I started my little test with trepidation, not knowing when this too would recede. After one day? After two? But even when his arms were tense and tight for mysterious reasons, pulled tight from the elbows and the elbows like a circumflex away from his torso, he could still muster some effort to move the hand and wrist just a little, just enough, if we put the box in just the right place, to depress the buttons.

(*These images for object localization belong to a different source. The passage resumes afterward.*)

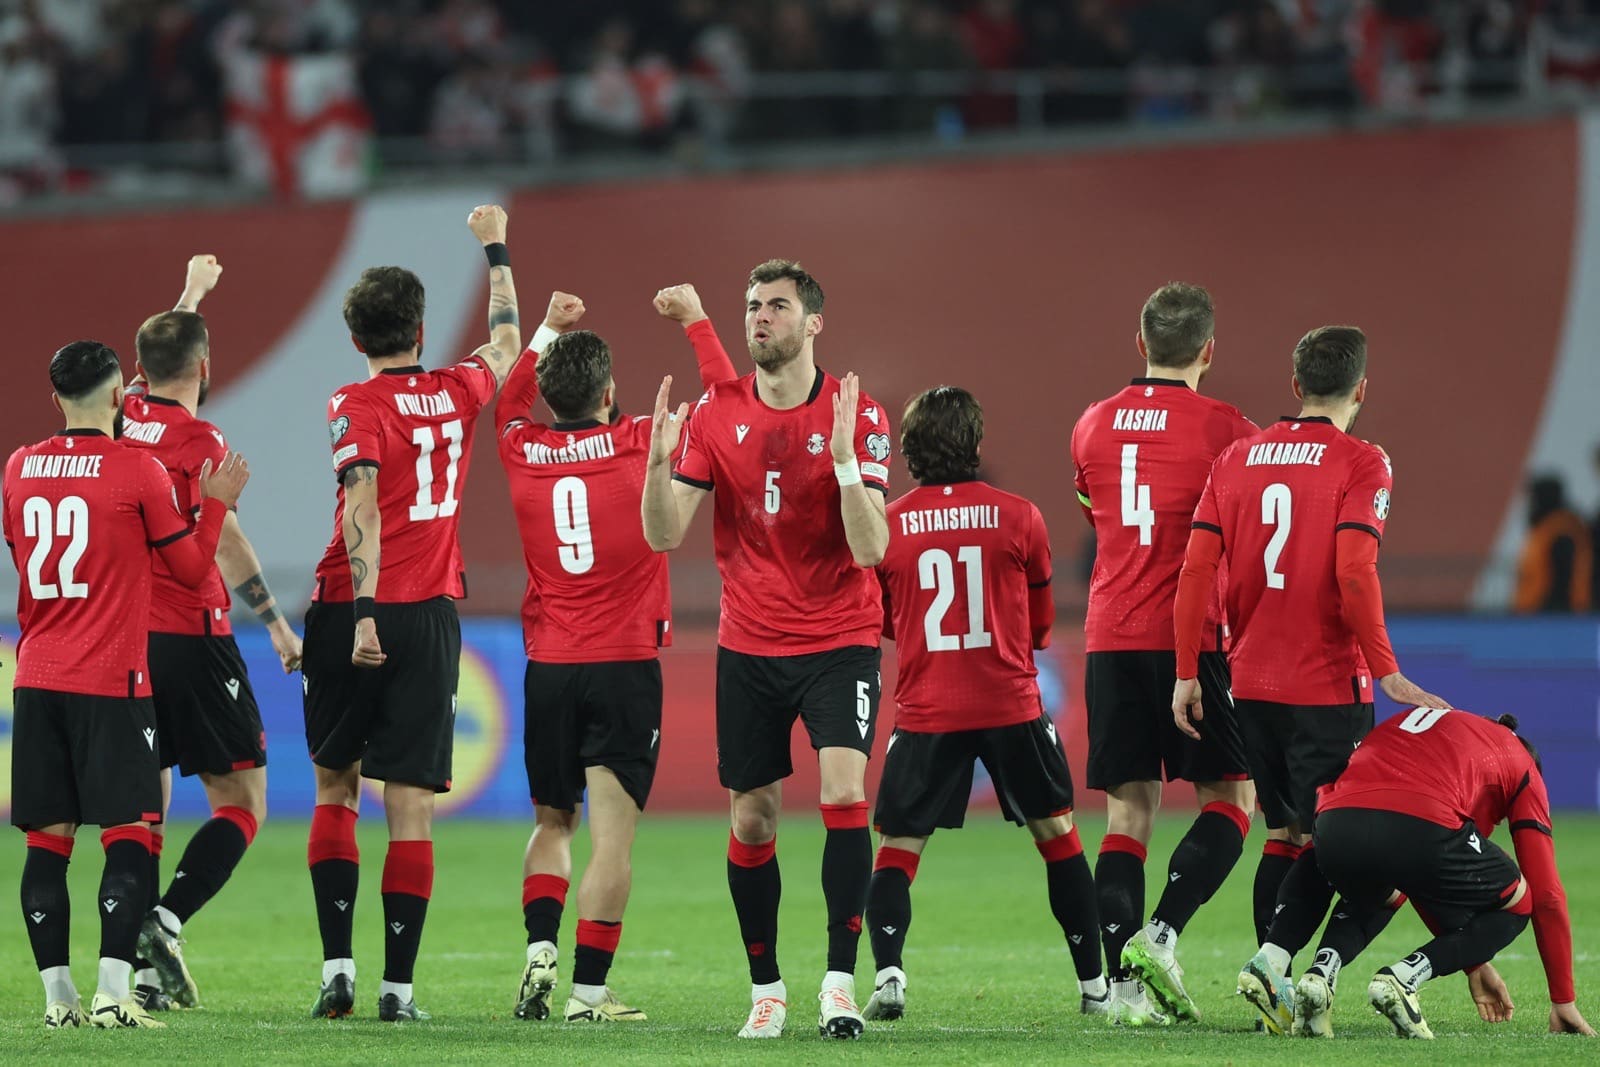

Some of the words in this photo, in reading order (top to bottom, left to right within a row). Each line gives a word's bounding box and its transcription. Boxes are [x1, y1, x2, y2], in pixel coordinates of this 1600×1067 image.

[1112, 408, 1168, 431] KASHIA
[20, 455, 103, 479] MIKAUTADZE
[408, 419, 464, 521] 11
[1246, 443, 1327, 467] KAKABADZE
[552, 476, 594, 574] 9
[765, 471, 781, 514] 5
[900, 505, 999, 536] TSITAISHVILI
[1121, 444, 1154, 545] 4
[23, 496, 89, 600] 22
[1261, 483, 1292, 589] 2
[918, 545, 992, 652] 21
[856, 680, 870, 720] 5

Each button says something to which another person can respond: I love you, I need some love, I am Superman, look at me, hola Dan & Nikki, and so on the phrases have gone. He likes this ability to say something, even if it may not be what is actually on his mind, even if he continues to be the kid behind the curtain of my voice.

* *

I decide that language must be adequate to describe experience, if only for the simple-minded reason that I would like to believe my son’s life, if not his lips, has something to say, or that I can convey my son’s essence to someone else. But if I make of Robert a fixed point in language, dress him in words, I’ve still built and decorated only his exterior, the interior mutable in all of its forms and expressions. Robert’s experience is still backstage, and he can ‘say’ only the stage cues, recorded in my voice.

* *

Jonson’s ‘best piece of poetry’ describes a dead child.

In Discoveries, Jonson writes, “Language most shows a man: speak that I may see thee. It springs out of the most retired, and inmost parts of us, and is the image of the parent of it, the mind.”

Jonson is probably channeling Quintilian’s Latin. Not translating. Channeling. But what of it? Perhaps I am channeling Robert and he is channeling me.  Every once in a while the mimetic curtain parts and he is there, himself.